-- Opening Marker --

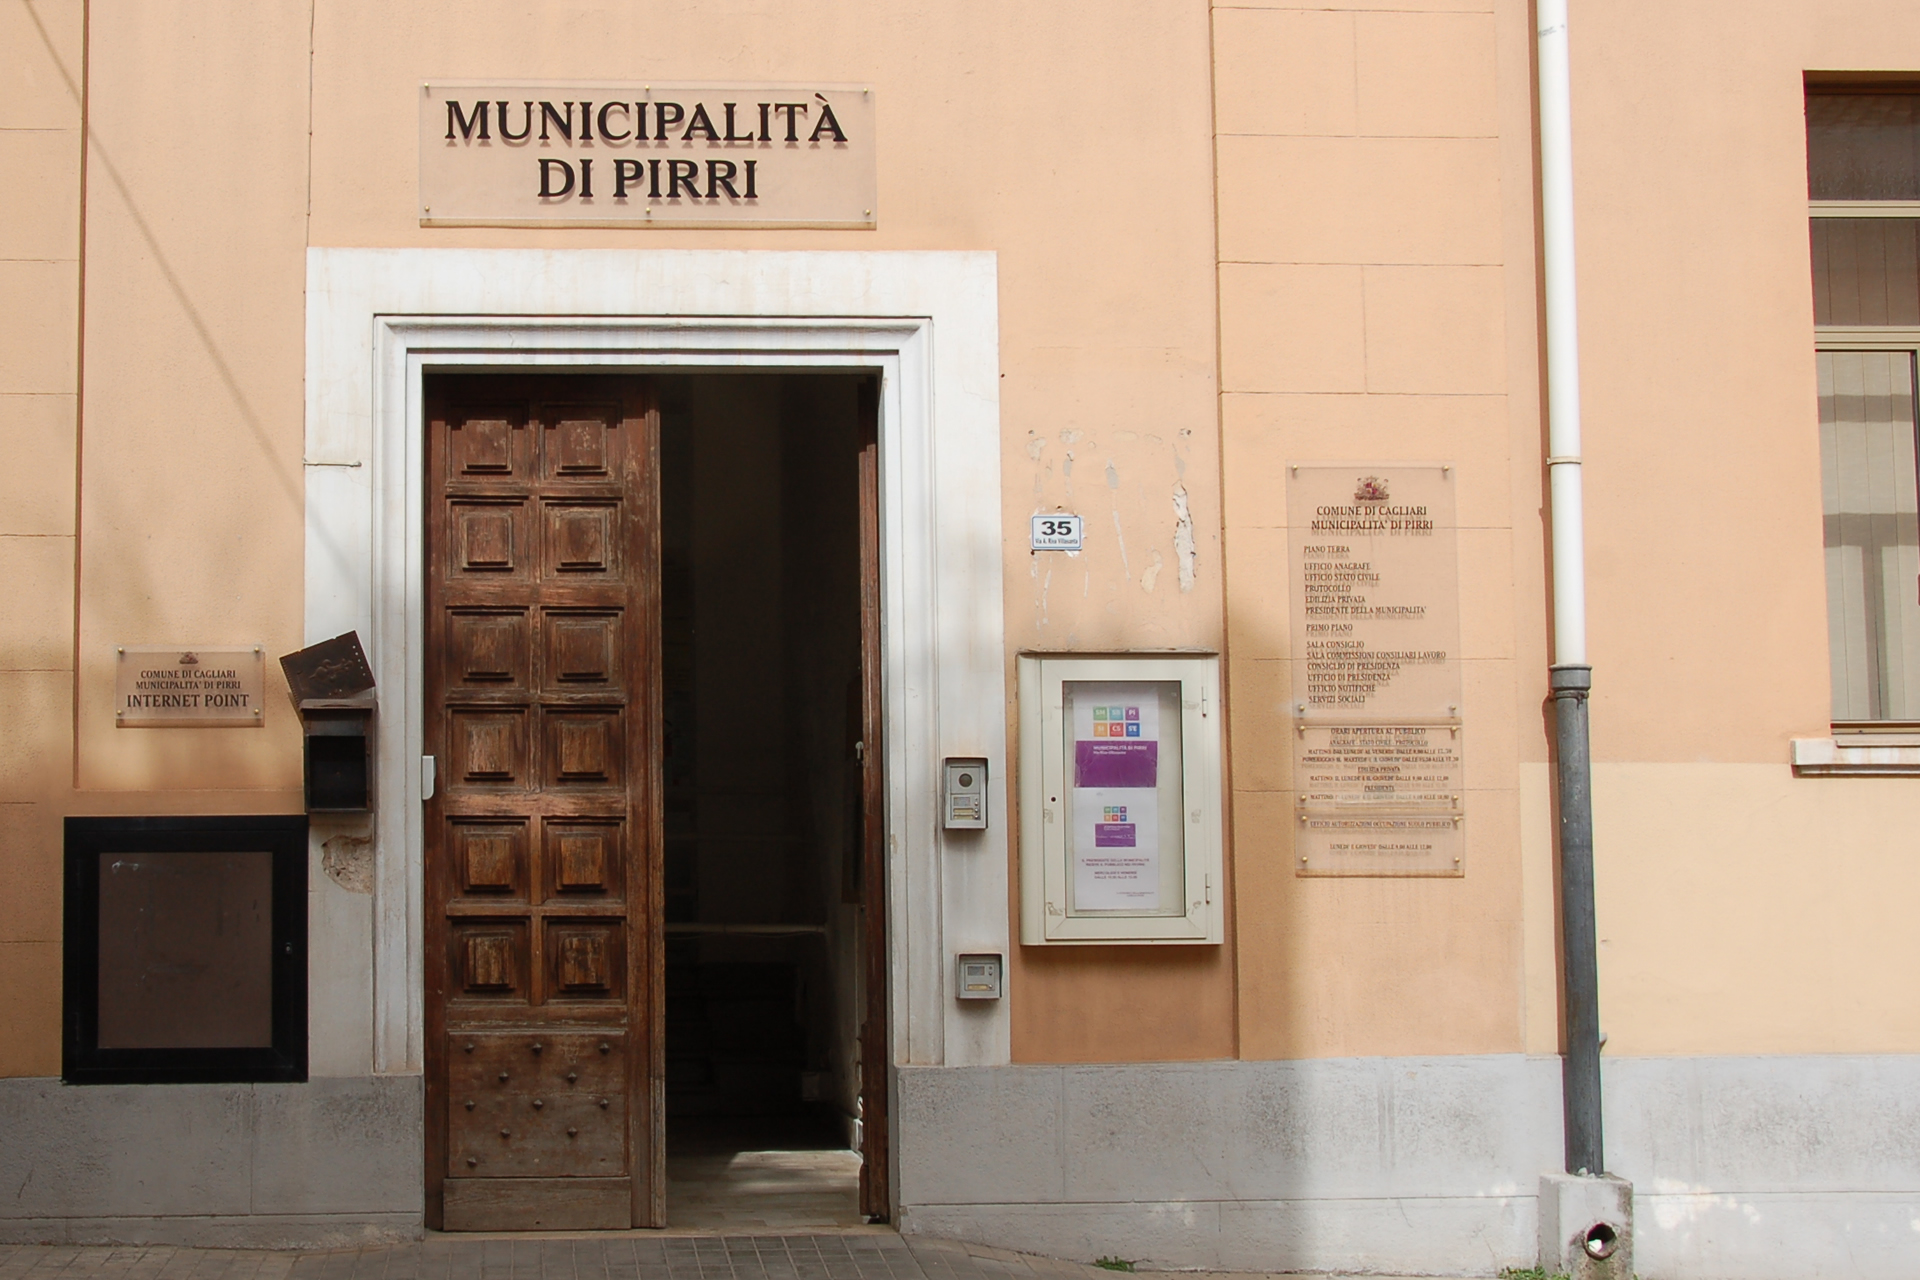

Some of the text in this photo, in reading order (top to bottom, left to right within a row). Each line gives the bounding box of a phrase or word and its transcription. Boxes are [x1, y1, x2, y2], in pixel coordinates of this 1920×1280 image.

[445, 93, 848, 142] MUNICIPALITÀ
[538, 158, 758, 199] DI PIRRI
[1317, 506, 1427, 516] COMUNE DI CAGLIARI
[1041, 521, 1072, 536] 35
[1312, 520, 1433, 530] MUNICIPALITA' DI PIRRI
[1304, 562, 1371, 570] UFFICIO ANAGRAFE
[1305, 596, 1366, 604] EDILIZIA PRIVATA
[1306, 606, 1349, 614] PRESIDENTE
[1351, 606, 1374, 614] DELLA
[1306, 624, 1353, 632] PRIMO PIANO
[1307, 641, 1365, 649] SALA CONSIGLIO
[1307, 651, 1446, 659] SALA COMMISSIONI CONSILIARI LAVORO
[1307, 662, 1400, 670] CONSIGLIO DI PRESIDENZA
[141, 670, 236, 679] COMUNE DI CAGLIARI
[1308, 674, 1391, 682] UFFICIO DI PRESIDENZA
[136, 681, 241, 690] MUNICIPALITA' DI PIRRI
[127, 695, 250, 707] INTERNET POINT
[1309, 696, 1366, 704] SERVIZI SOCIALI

-- Closing Marker --

WORK REQUIRED
Repeat the records above exactly. No pictures go into the repeat.

ANSWER BELOW
Some of the text in this photo, in reading order (top to bottom, left to right within a row). Each line gives the bounding box of a phrase or word and its transcription. Boxes are [x1, y1, x2, y2], in pixel coordinates of this 1920×1280 image.

[445, 93, 848, 142] MUNICIPALITÀ
[538, 158, 758, 199] DI PIRRI
[1317, 506, 1427, 516] COMUNE DI CAGLIARI
[1041, 521, 1072, 536] 35
[1312, 520, 1433, 530] MUNICIPALITA' DI PIRRI
[1304, 562, 1371, 570] UFFICIO ANAGRAFE
[1305, 596, 1366, 604] EDILIZIA PRIVATA
[1306, 606, 1349, 614] PRESIDENTE
[1351, 606, 1374, 614] DELLA
[1306, 624, 1353, 632] PRIMO PIANO
[1307, 641, 1365, 649] SALA CONSIGLIO
[1307, 651, 1446, 659] SALA COMMISSIONI CONSILIARI LAVORO
[1307, 662, 1400, 670] CONSIGLIO DI PRESIDENZA
[141, 670, 236, 679] COMUNE DI CAGLIARI
[1308, 674, 1391, 682] UFFICIO DI PRESIDENZA
[136, 681, 241, 690] MUNICIPALITA' DI PIRRI
[127, 695, 250, 707] INTERNET POINT
[1309, 696, 1366, 704] SERVIZI SOCIALI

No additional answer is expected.